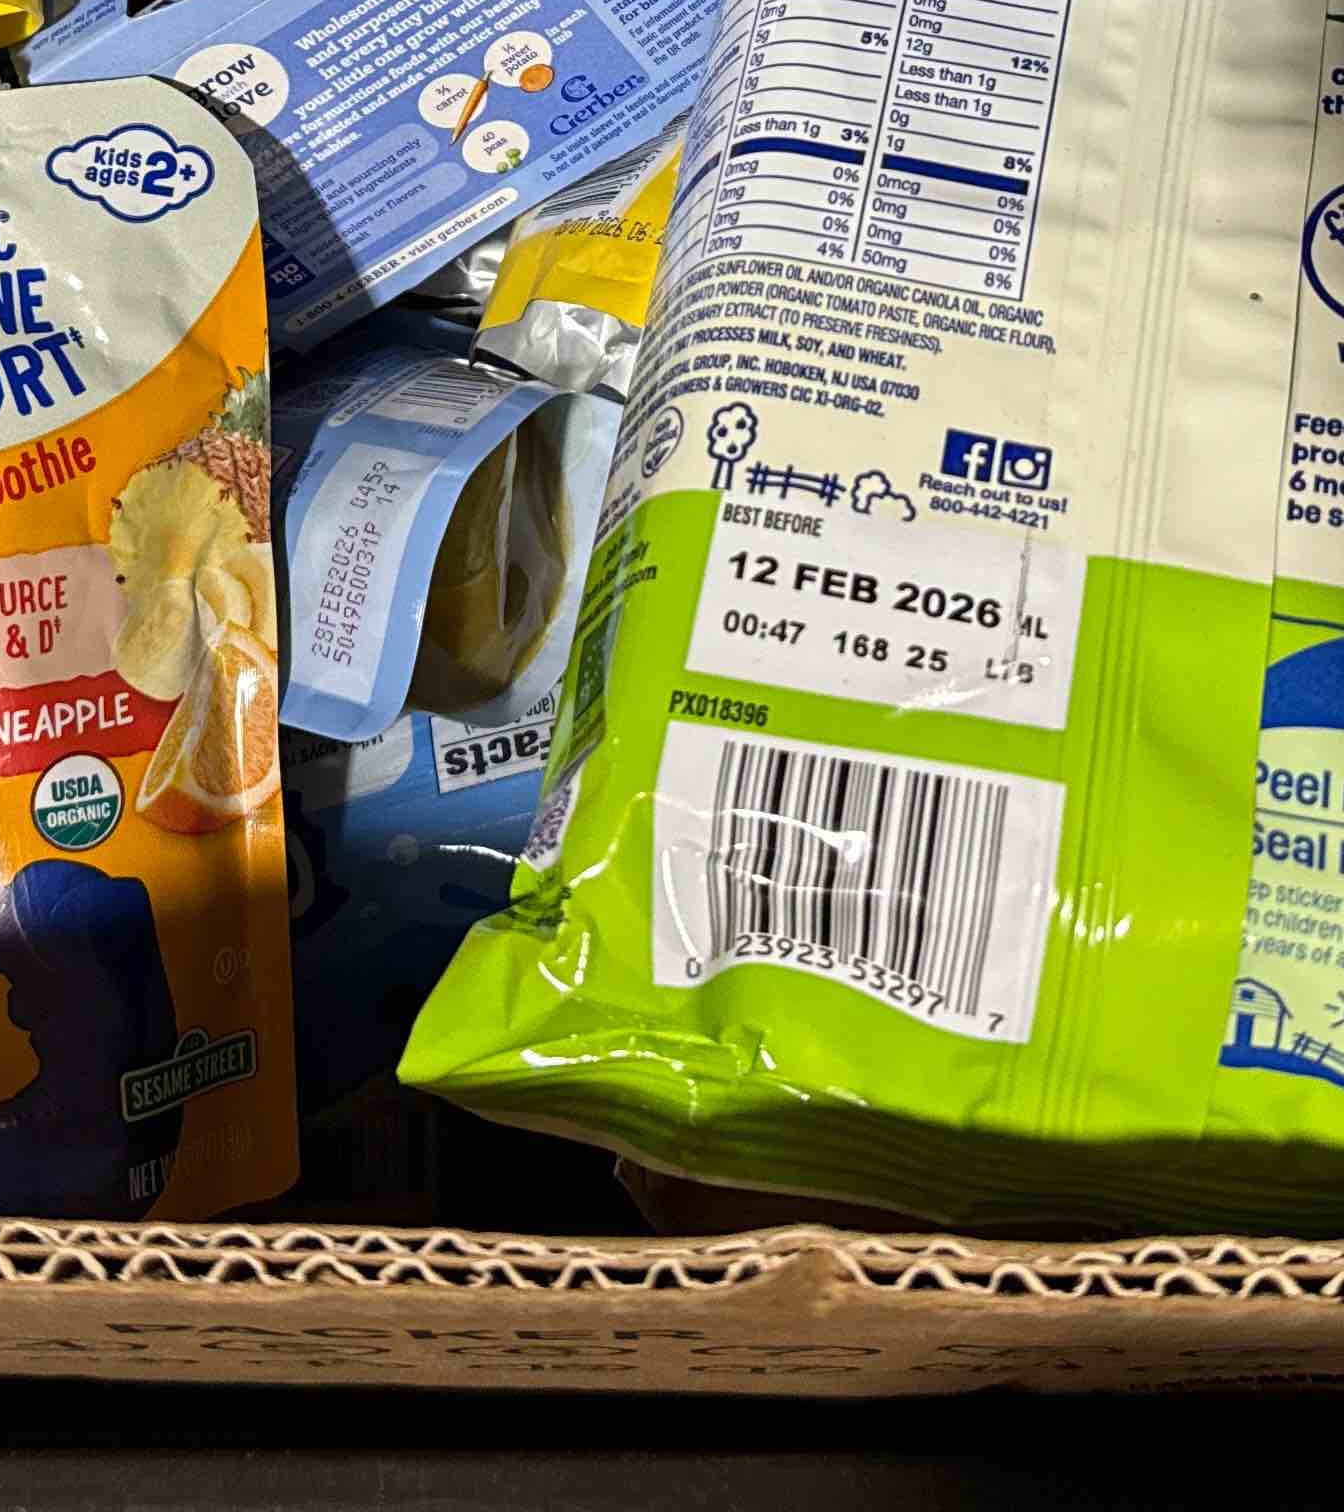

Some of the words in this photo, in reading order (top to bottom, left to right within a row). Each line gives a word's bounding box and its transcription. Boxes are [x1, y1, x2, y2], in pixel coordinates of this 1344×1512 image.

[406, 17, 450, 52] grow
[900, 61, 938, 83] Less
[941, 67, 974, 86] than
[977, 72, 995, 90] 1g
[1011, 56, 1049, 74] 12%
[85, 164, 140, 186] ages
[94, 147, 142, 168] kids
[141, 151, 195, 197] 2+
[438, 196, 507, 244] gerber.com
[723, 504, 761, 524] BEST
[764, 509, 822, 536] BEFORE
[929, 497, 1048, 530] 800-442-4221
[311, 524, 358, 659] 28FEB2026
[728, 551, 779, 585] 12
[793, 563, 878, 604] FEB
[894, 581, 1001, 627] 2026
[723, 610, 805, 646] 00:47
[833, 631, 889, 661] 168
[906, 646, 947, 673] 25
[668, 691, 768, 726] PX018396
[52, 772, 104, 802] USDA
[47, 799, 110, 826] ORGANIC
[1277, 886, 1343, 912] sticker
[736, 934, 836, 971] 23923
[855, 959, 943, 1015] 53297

════════

- THE TASK:
I'd like every record printed exactly, with the pictures left out.

- RESPONSE TO THE EXERCISE:
Some of the words in this photo, in reading order (top to bottom, left to right within a row). Each line gives a word's bounding box and its transcription. Boxes are [x1, y1, x2, y2], in pixel coordinates of this 1344×1512 image.

[406, 17, 450, 52] grow
[900, 61, 938, 83] Less
[941, 67, 974, 86] than
[977, 72, 995, 90] 1g
[1011, 56, 1049, 74] 12%
[85, 164, 140, 186] ages
[94, 147, 142, 168] kids
[141, 151, 195, 197] 2+
[438, 196, 507, 244] gerber.com
[723, 504, 761, 524] BEST
[764, 509, 822, 536] BEFORE
[929, 497, 1048, 530] 800-442-4221
[311, 524, 358, 659] 28FEB2026
[728, 551, 779, 585] 12
[793, 563, 878, 604] FEB
[894, 581, 1001, 627] 2026
[723, 610, 805, 646] 00:47
[833, 631, 889, 661] 168
[906, 646, 947, 673] 25
[668, 691, 768, 726] PX018396
[52, 772, 104, 802] USDA
[47, 799, 110, 826] ORGANIC
[1277, 886, 1343, 912] sticker
[736, 934, 836, 971] 23923
[855, 959, 943, 1015] 53297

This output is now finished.